Assignment >>
Can you copy the lines from the one that contains "this 1920×1440 image." through the end of the material below, exactly and with nothing else?
───── Information shown ─────
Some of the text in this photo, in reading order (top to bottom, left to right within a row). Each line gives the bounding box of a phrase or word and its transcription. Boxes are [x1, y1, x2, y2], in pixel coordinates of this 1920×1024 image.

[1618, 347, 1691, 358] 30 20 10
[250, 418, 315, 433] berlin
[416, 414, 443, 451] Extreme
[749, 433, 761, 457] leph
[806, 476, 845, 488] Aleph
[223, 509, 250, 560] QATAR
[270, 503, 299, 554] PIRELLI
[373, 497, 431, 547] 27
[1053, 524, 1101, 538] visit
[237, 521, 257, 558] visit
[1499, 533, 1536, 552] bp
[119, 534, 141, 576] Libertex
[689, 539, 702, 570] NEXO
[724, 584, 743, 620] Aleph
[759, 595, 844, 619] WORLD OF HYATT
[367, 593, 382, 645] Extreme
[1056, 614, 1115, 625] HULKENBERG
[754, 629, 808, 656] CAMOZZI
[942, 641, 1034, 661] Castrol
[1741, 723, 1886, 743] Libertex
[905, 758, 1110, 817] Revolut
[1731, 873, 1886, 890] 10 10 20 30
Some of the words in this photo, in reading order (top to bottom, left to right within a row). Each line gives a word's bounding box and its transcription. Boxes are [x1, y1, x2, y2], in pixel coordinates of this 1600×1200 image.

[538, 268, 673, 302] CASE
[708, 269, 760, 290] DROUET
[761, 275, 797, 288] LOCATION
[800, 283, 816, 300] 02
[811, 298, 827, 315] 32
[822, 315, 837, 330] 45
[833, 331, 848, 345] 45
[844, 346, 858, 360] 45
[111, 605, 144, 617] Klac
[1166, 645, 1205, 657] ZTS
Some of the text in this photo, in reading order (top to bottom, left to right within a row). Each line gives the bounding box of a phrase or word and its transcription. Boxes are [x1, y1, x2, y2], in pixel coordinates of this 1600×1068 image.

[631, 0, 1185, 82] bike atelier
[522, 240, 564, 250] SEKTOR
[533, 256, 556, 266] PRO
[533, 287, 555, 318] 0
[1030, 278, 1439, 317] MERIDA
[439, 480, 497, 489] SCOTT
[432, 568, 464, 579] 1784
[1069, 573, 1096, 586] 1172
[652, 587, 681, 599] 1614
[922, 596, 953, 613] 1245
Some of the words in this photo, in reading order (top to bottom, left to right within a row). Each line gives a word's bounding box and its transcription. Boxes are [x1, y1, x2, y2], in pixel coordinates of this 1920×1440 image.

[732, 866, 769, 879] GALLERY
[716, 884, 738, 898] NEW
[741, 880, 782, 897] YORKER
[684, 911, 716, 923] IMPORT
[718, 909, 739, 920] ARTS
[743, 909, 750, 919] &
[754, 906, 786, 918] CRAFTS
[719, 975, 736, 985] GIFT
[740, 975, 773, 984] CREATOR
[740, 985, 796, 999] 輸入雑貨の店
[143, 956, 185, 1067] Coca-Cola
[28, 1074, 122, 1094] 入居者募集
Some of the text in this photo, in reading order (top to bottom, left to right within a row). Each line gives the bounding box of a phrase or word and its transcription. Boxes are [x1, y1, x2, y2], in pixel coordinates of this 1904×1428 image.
─────
Answer to the exercise >>
Some of the words in this photo, in reading order (top to bottom, left to right within a row). Each line gives a word's bounding box and its transcription. Boxes are [x1, y1, x2, y2], in pixel coordinates of this 1920×1440 image.

[732, 866, 769, 879] GALLERY
[716, 884, 738, 898] NEW
[741, 880, 782, 897] YORKER
[684, 911, 716, 923] IMPORT
[718, 909, 739, 920] ARTS
[743, 909, 750, 919] &
[754, 906, 786, 918] CRAFTS
[719, 975, 736, 985] GIFT
[740, 975, 773, 984] CREATOR
[740, 985, 796, 999] 輸入雑貨の店
[143, 956, 185, 1067] Coca-Cola
[28, 1074, 122, 1094] 入居者募集
Some of the text in this photo, in reading order (top to bottom, left to right within a row). Each line gives the bounding box of a phrase or word and its transcription. Boxes are [x1, y1, x2, y2], in pixel coordinates of this 1904×1428 image.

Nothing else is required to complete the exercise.